I think that a Fexinidazole trial could be justified because it's not as risky as Suramin and also an oral medication for poor countries, so no money-grabbing is involved that reserves the medication to a few in the end. From my perspective, every trial is justified when the risk-benefit ratio of the treatment outweighs the damage of a disease for which there is no recommended treatment at all.
I completely agree.
What do you mean by theory of action?
Apologies, I meant to say - how is the drug (Fexinidazole) understood to work on pathogens/parasites? 'Mechanism of action' might have been clearer! (I'd have the same question for Suramin). If it's a drug that's already gone through extensive safety testing, can be taken in tablet form, and is potentially effective not just on one but potentially on a range of chronic parasitic infections that affect the central nervous system (CNS) and pass the blood brain barrier, then it seems interesting to me and I'd be keen to research further and learn more. Of course, the 'CFS-as-latent-infection-or-failure-to-clear-pathogenic-microbe' thesis is only one thesis among several, and no drug will help all ME/CFS patients, but on the face of it the risk/benefit profile of trialling this kind of drug seems good to me, given the possible trypanosomes connection that Davis identified. That said, I have no medical background and have probably missed something obvious.

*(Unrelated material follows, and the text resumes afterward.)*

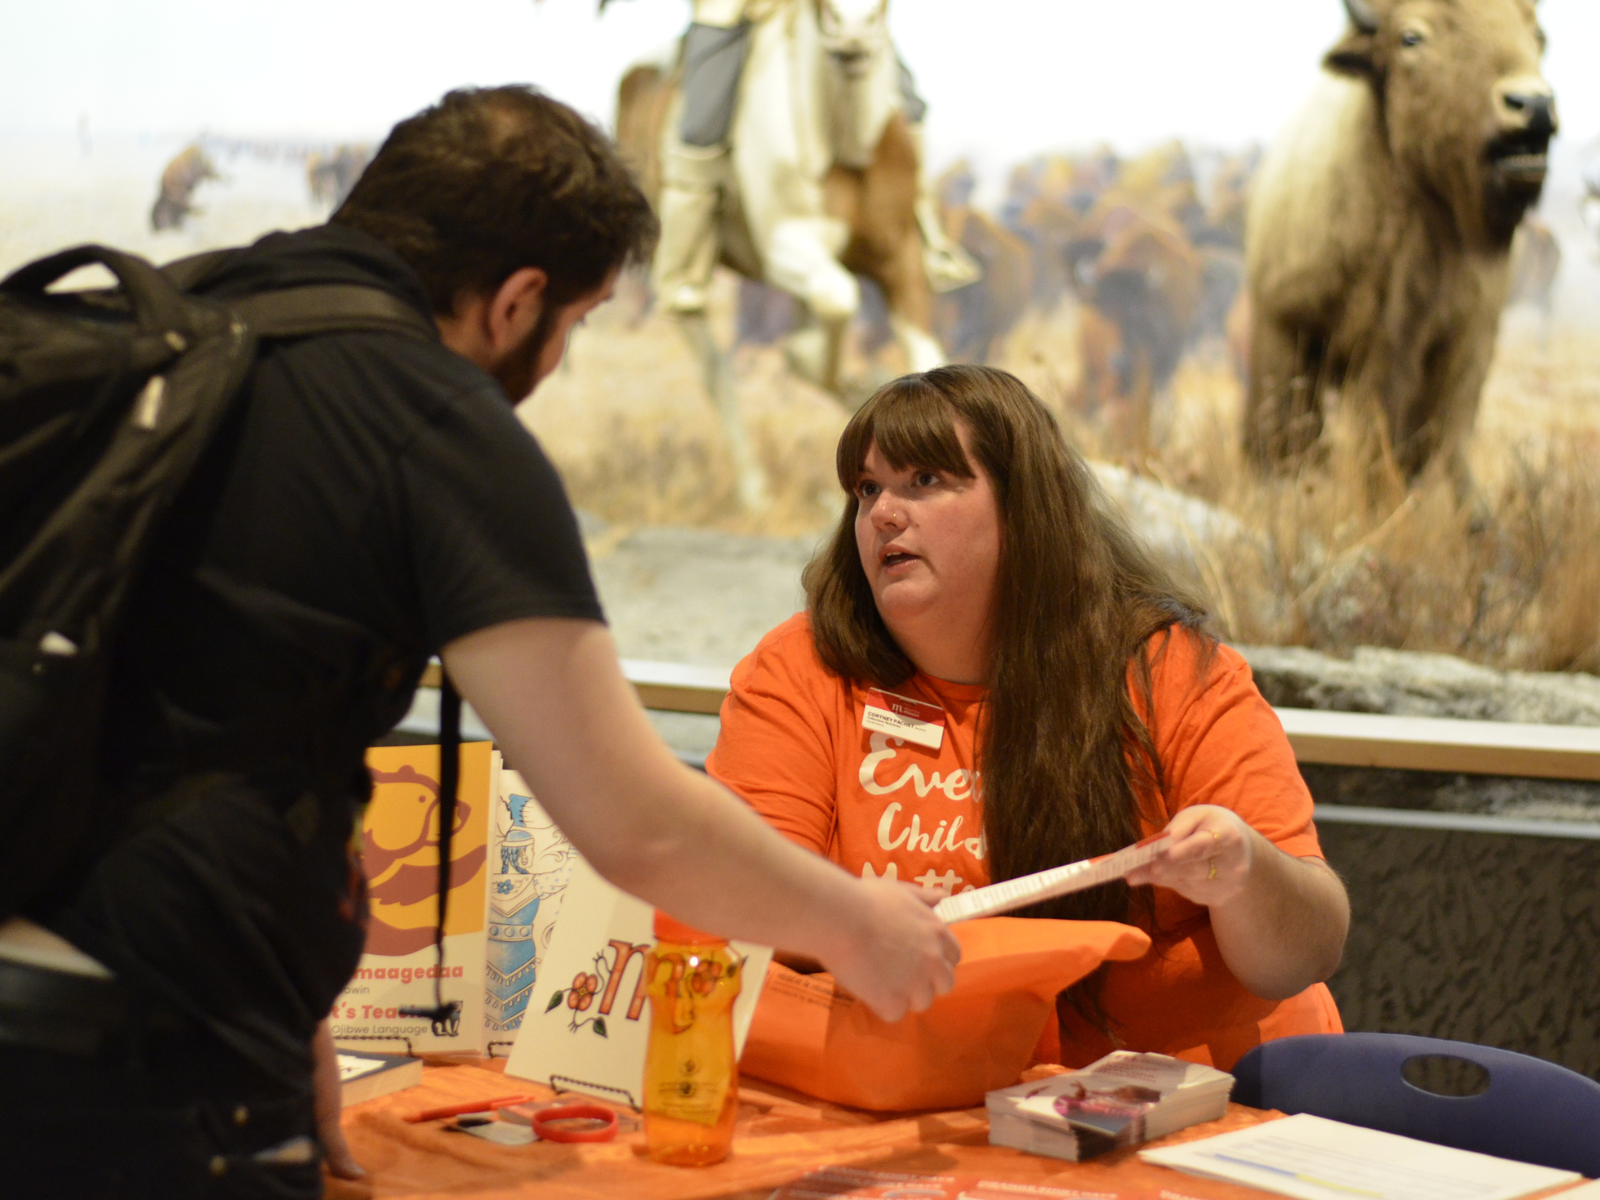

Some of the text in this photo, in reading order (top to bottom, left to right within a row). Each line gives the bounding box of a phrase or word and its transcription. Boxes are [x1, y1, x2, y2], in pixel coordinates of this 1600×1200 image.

[868, 711, 893, 722] CORTNEY
[858, 731, 984, 802] Eve
[332, 1024, 428, 1036] Ojibwe Language

Not to my knowledge, but I'm not the best-informed when it comes to small trials and case studies. There are so many. Every naturopath thinks that their vitamin injection can cure CFS/ME. Oftentimes, they are not controlled studies, so might just be placebo effects.
Agree with this sentiment too. If only we could have more blinded RCTs with proper inclusion criteria, placebo controls and statistically significant patient numbers using drugs that have already been proven safe and don't cost the world. So much else is just noise.
Thanks for taking the time to reply - it's appreciated.